Enjoy the full transcript below

Sarah: What if it was absolutely possible to get that for yourself and stepping you one step after another towards that goal?

[DocWorking theme]

Jen: Welcome to DocWorking: The Whole Physician Podcast. I’m Dr. Jen Barna, and today, I have a terrific guest, Dr. Sarah Smith. Dr. Smith is the Charting Coach for physicians and a Practicing Rural Family Physician in Alberta, Canada. Sarah is the founder of the Charting Champions Program helping more than 150 physicians in the specific area of getting home with their charting done. Sarah has a passion for reducing burnout and overwhelm resulting from the administrative burden of clinical medicine using evidence-based coaching to help physicians find their most simple solutions within the clinical environment that they work in. Dr. Sarah Smith, welcome to DocWorking: The Whole Physician Podcast.

Sarah: Well, thank you for having me.

Jen: Please tell me a little bit about your story, and how you came to appreciate efficiency, and what led you to develop a coaching program around charting efficiencies.

Sarah: Absolutely. I am a Family Physician trained in Australia initially and came to Canada eight years ago. So, I am a Rural Family Physician and still practicing mid-career. You could call me, I think, I’m 20 years on the job now. So, at about the 15-year mark, I thought, it should have been better than this. I was still in the office hours after the last patient left, and I really wanted to be home, and then, I knew when I got home, I would still have hours and hours of paperwork in charting left to do. It was impacting my ability to sleep, enjoy my family, and I really thought I should be better at this by now. At the time, I was looking for help, and really the physician coaches that I came across were all helping us leave medicine. When I asked my mentors, they were just saying, “Come in on Sundays,” and that was their answer to this paperwork and charting problem. Neither of those were what I wanted. I still really enjoyed my patients, but I really wasn’t enjoying the paperwork or charting.

I came across Life Coaching from a general life coach perspective. She said, “She could help me with any problem,” and I’m like, “But you don’t understand charting and paperwork.” Through the process of about 18 months of figuring out the efficiency charting, I was able to get home after the last patient left with everything done. That was a huge amount of time I got back. It created so much time and space for family, for relaxation, restoration weekends. I actually felt like, I could have this distinction between working time and not working time. So, in the process of that, I did want to go and give this back to my fellow physicians. This is such a gift to be able to create time and to be able to get work done within work hours. So, I did certify as a Life Coach, and started helping physicians from a broad range of backgrounds. 

Family physicians, of course, was where I started, because that’s what I knew. But then hospitalists would ask me to help them internal medicine, increasing range of specialists, emerged doctors. So, the process helped all of them. These foundational steps of how do we find your most simple solution for getting home with your charting done. So, now, I have a program where physicians can come in and get started immediately and get the help. They need to be able to get home with their most simple solution to their charting and paperwork. So, that’s a little bit of my background.

Jen: Terrific. Wow. What an interesting path to reach such a place of success.

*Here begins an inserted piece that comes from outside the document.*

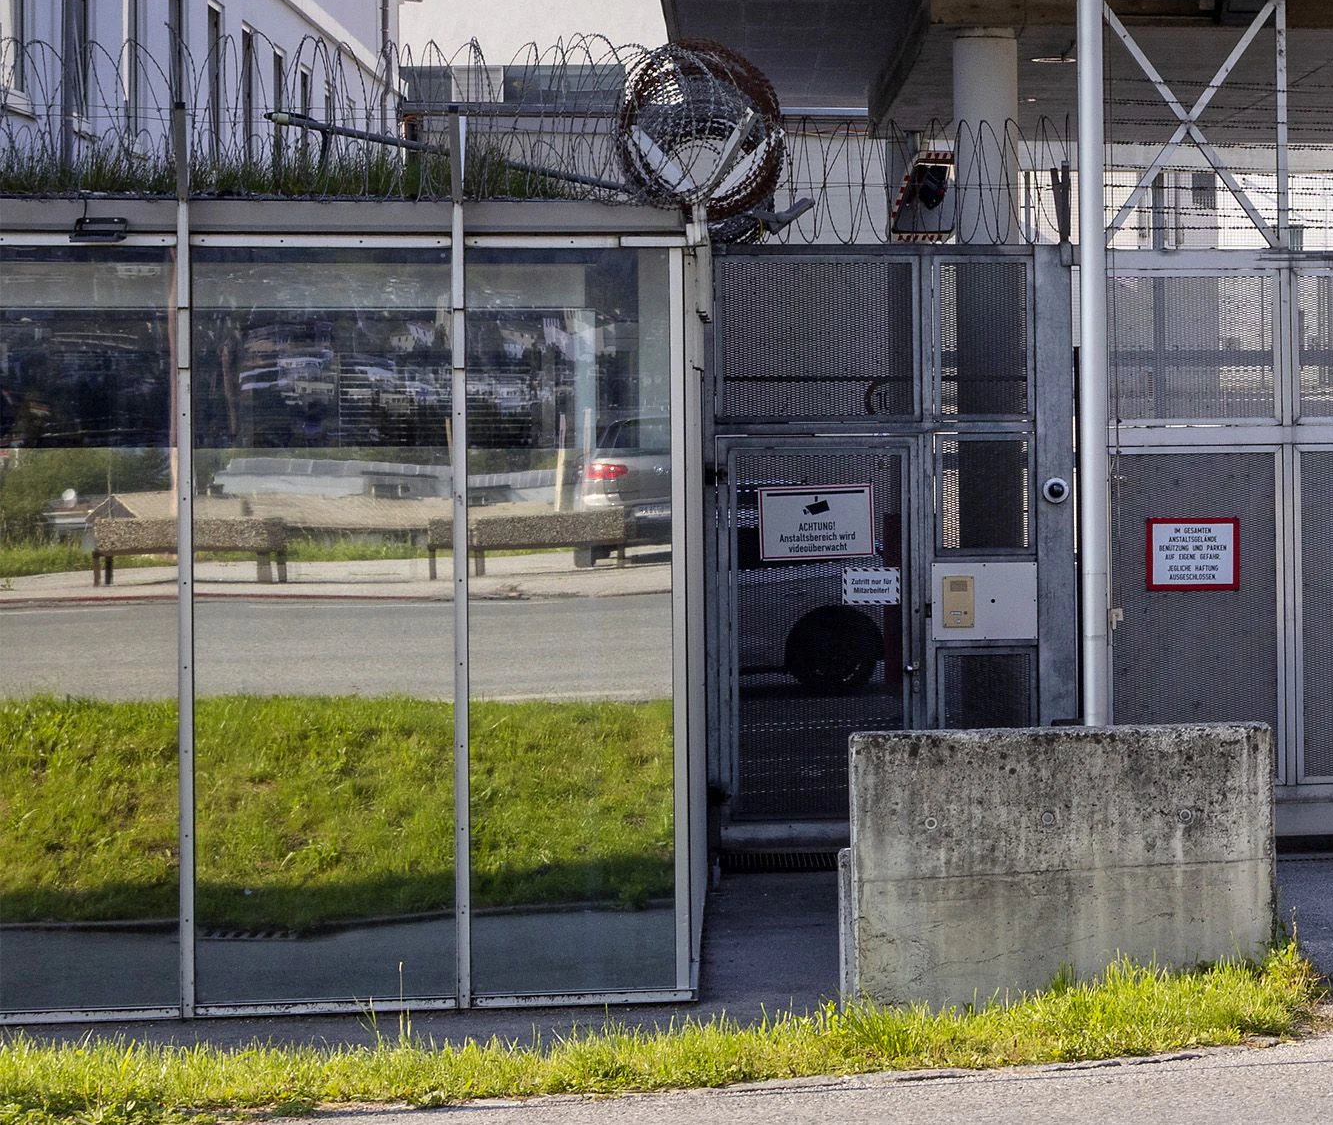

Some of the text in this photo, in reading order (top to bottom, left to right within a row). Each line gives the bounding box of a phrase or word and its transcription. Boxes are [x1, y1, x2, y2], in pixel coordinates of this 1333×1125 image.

So, how did you actually sort out a system that works for you?

Sarah: Yeah, so, it was first understanding where I wanted to go, and I think that is what the interesting thing about coaching is. Because a lot of people may not have come into coaching for physicians yet. It is a newish industry. Engineers get coaches, and executive coaches may be a term that people are aware of. But physician coaches really is a new and exciting area. So, coaching is where you identify what you want. What you want, not what your coach wants. So, for me, if you were asking me, what I want for you, I would love you to go home with everything done. Of course, that would be amazing, but you may not have that goal for yourself. So, you come into a coaching program saying, “This is what I want to achieve.” 

Right now, it feels big, and scary, and impossible. Completely impossible to go from where I am now to getting home with everything done. There is no way that can happen is the general expectation of people as a coming into my world. But what coaching does is it helps you say, “Well, actually, my thought was possible. What if we could start to imagine what life would be like and why would we want to create that for ourselves? What’s that most amazing life going to look like when you are getting this success and result for yourself?” Once we have a destination in mind, then we can point you in the right direction. So, we can give you the tools and strategies to help you improve your efficiency. But it’s dependent on your environment, number of patients you’re seeing, staff that you’re working with, you may or may not have autonomy in your schedule. So, we’re not saying see less patients, or change your EMR, or get more staff. We have to work with the physician right where they’re at right now. That’s the fun bit is. 

I can hold belief for them that even when they’re saying, “My staffing issue is a problem, my EMR is a problem. I see too many patients, my patients are too complex, I have women patients, I have too many kid patients,” like all of that story about our world, even then, what if it was absolutely possible to get that for yourself. Stepping you one step after another towards that goal, and having the courage to get started, and fail and succeed, but not quitting on yourself. So, that is the role of that coaching piece is to say, “What do you want to create and how are we going to get you there in the most simple way?
They’re going to come up with obstacles and a whole lot of things are going to get in the way.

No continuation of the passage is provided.